## About this task
Print the data below verbatim, minus images.

## Supplied data
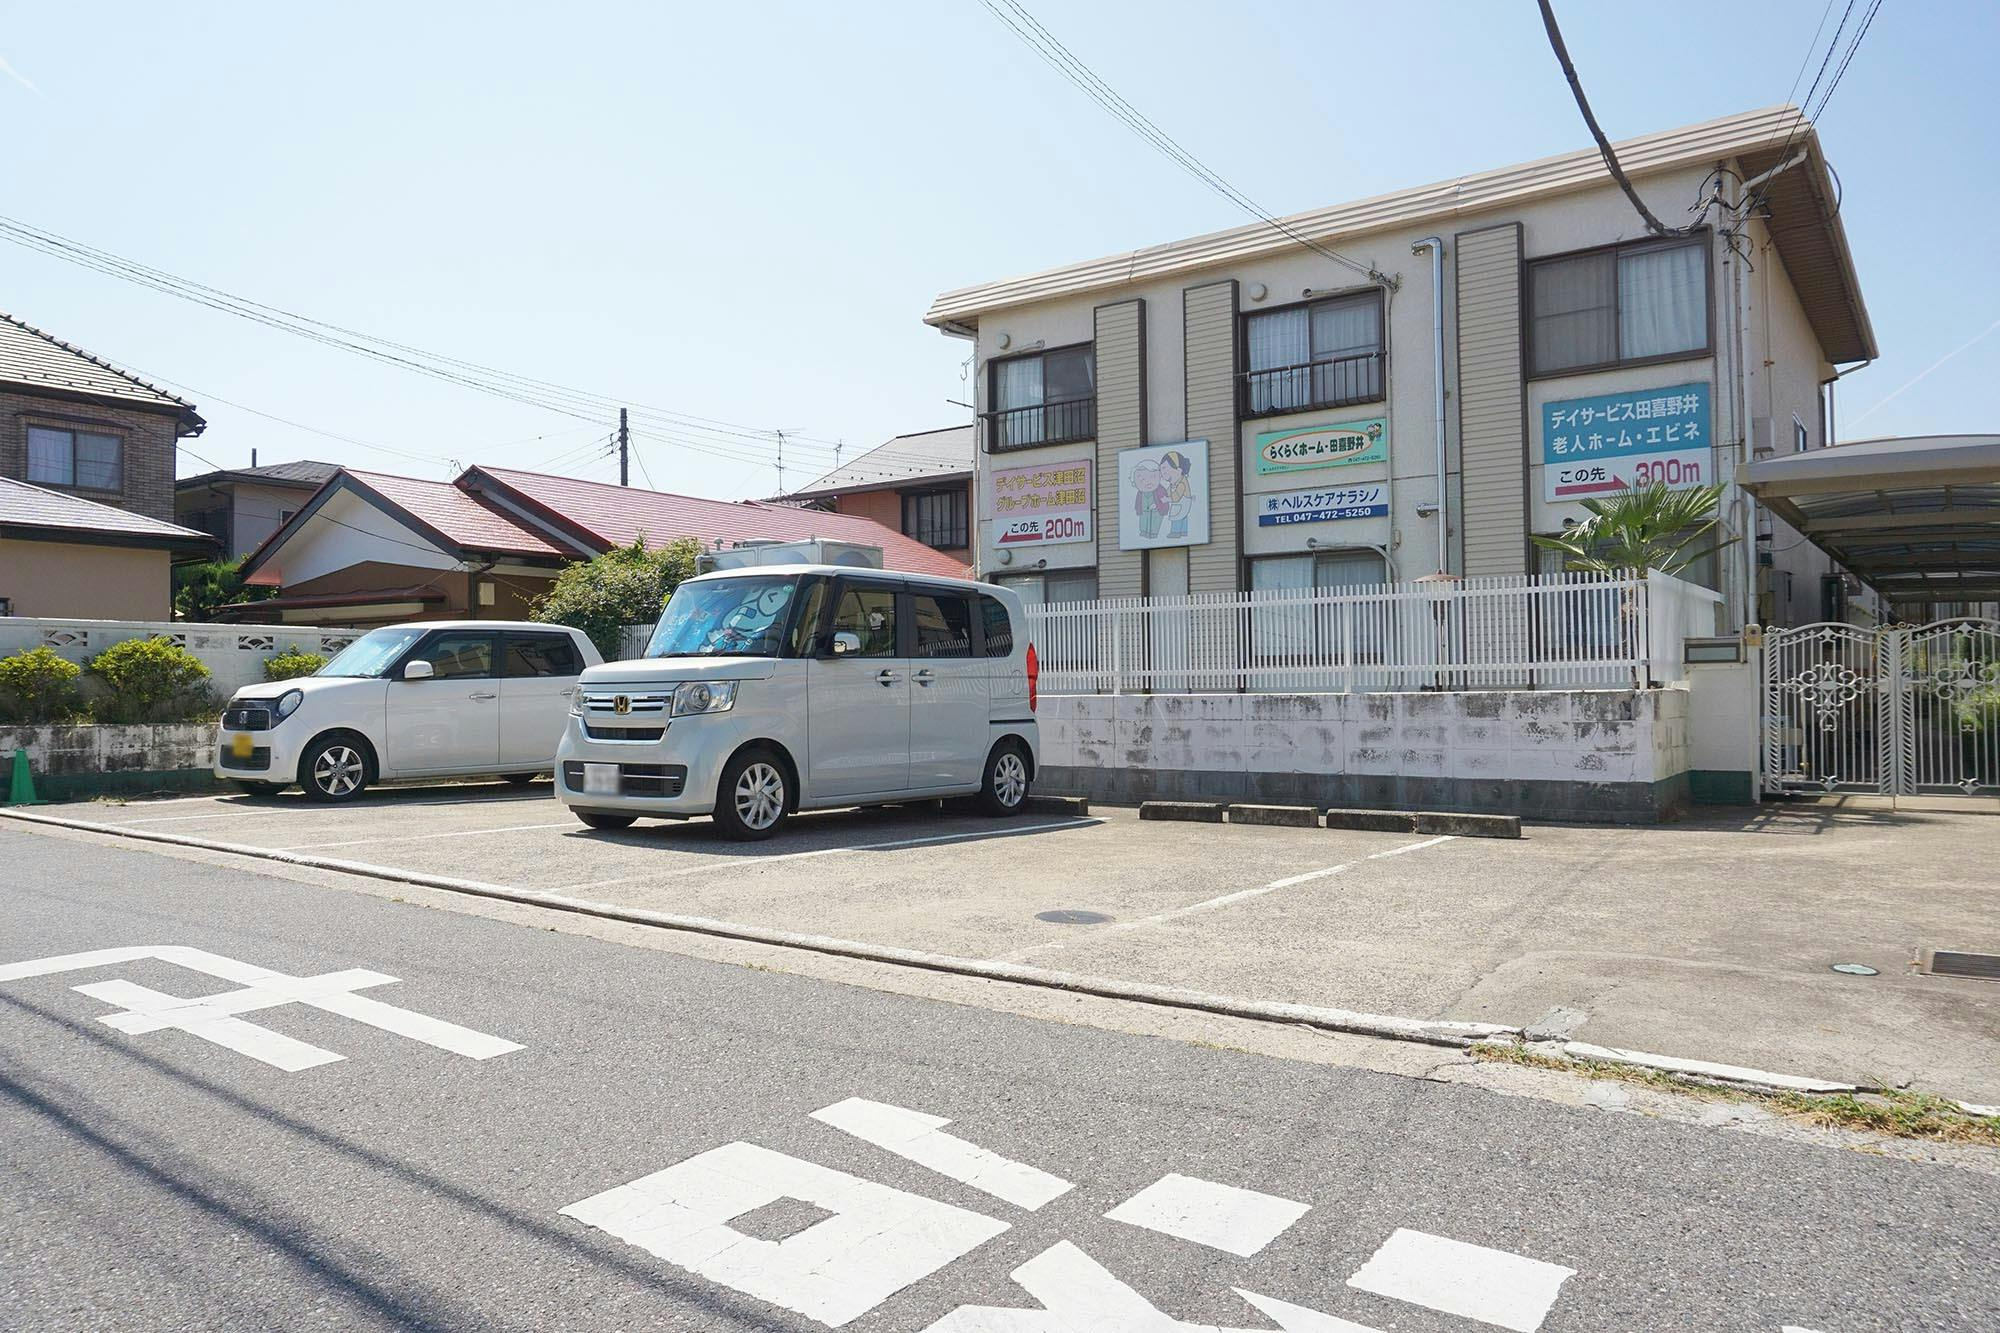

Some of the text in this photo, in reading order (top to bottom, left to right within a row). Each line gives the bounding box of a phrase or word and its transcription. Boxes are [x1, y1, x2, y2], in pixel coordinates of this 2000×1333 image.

[1551, 393, 1699, 429] デイサービス田喜野井
[1552, 421, 1700, 454] 老人ホーム・エビネ
[995, 467, 1086, 493] デイサービス津田沼
[1560, 458, 1700, 488] この先 300m
[996, 487, 1086, 512] グループホーム津田沼
[1011, 517, 1085, 540] この先 200m
[1275, 507, 1371, 524] TEL 047-472-5250

## Solved problem
Some of the text in this photo, in reading order (top to bottom, left to right within a row). Each line gives the bounding box of a phrase or word and its transcription. Boxes are [x1, y1, x2, y2], in pixel coordinates of this 2000×1333 image.

[1551, 393, 1699, 429] デイサービス田喜野井
[1552, 421, 1700, 454] 老人ホーム・エビネ
[995, 467, 1086, 493] デイサービス津田沼
[1560, 458, 1700, 488] この先 300m
[996, 487, 1086, 512] グループホーム津田沼
[1011, 517, 1085, 540] この先 200m
[1275, 507, 1371, 524] TEL 047-472-5250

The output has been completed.